** Records provided follows **

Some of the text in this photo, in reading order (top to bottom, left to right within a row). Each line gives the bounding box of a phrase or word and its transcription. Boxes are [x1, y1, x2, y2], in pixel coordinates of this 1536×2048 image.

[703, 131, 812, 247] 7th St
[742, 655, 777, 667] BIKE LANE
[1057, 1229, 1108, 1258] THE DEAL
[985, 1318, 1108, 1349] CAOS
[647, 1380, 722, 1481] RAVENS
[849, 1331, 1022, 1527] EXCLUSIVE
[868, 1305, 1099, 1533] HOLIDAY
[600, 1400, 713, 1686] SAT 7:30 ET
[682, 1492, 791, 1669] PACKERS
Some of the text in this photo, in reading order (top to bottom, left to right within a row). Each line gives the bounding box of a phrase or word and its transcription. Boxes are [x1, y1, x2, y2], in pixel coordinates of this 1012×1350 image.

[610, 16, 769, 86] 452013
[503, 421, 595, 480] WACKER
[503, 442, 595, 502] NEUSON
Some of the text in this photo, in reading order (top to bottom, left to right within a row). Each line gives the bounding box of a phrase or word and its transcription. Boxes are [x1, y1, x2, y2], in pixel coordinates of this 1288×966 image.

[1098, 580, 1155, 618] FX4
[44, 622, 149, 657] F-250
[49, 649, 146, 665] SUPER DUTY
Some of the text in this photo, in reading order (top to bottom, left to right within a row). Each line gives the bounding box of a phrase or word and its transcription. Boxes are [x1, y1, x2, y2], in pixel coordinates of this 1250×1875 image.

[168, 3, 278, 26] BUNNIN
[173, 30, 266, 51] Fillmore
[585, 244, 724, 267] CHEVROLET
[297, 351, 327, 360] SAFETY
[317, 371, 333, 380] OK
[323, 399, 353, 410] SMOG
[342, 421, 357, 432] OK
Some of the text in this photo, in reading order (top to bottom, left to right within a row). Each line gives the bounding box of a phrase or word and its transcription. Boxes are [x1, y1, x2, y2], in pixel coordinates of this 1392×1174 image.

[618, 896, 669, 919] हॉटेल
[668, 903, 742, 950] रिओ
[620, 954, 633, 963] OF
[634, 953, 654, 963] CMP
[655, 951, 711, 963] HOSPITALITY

** End of Records provided **

**About this exercise**
The whole listing above needs to be reproduced exactly.

**Written response**
Some of the text in this photo, in reading order (top to bottom, left to right within a row). Each line gives the bounding box of a phrase or word and its transcription. Boxes are [x1, y1, x2, y2], in pixel coordinates of this 1536×2048 image.

[703, 131, 812, 247] 7th St
[742, 655, 777, 667] BIKE LANE
[1057, 1229, 1108, 1258] THE DEAL
[985, 1318, 1108, 1349] CAOS
[647, 1380, 722, 1481] RAVENS
[849, 1331, 1022, 1527] EXCLUSIVE
[868, 1305, 1099, 1533] HOLIDAY
[600, 1400, 713, 1686] SAT 7:30 ET
[682, 1492, 791, 1669] PACKERS
Some of the text in this photo, in reading order (top to bottom, left to right within a row). Each line gives the bounding box of a phrase or word and its transcription. Boxes are [x1, y1, x2, y2], in pixel coordinates of this 1012×1350 image.

[610, 16, 769, 86] 452013
[503, 421, 595, 480] WACKER
[503, 442, 595, 502] NEUSON
Some of the text in this photo, in reading order (top to bottom, left to right within a row). Each line gives the bounding box of a phrase or word and its transcription. Boxes are [x1, y1, x2, y2], in pixel coordinates of this 1288×966 image.

[1098, 580, 1155, 618] FX4
[44, 622, 149, 657] F-250
[49, 649, 146, 665] SUPER DUTY
Some of the text in this photo, in reading order (top to bottom, left to right within a row). Each line gives the bounding box of a phrase or word and its transcription. Boxes are [x1, y1, x2, y2], in pixel coordinates of this 1250×1875 image.

[168, 3, 278, 26] BUNNIN
[173, 30, 266, 51] Fillmore
[585, 244, 724, 267] CHEVROLET
[297, 351, 327, 360] SAFETY
[317, 371, 333, 380] OK
[323, 399, 353, 410] SMOG
[342, 421, 357, 432] OK
Some of the text in this photo, in reading order (top to bottom, left to right within a row). Each line gives the bounding box of a phrase or word and its transcription. Boxes are [x1, y1, x2, y2], in pixel coordinates of this 1392×1174 image.

[618, 896, 669, 919] हॉटेल
[668, 903, 742, 950] रिओ
[620, 954, 633, 963] OF
[634, 953, 654, 963] CMP
[655, 951, 711, 963] HOSPITALITY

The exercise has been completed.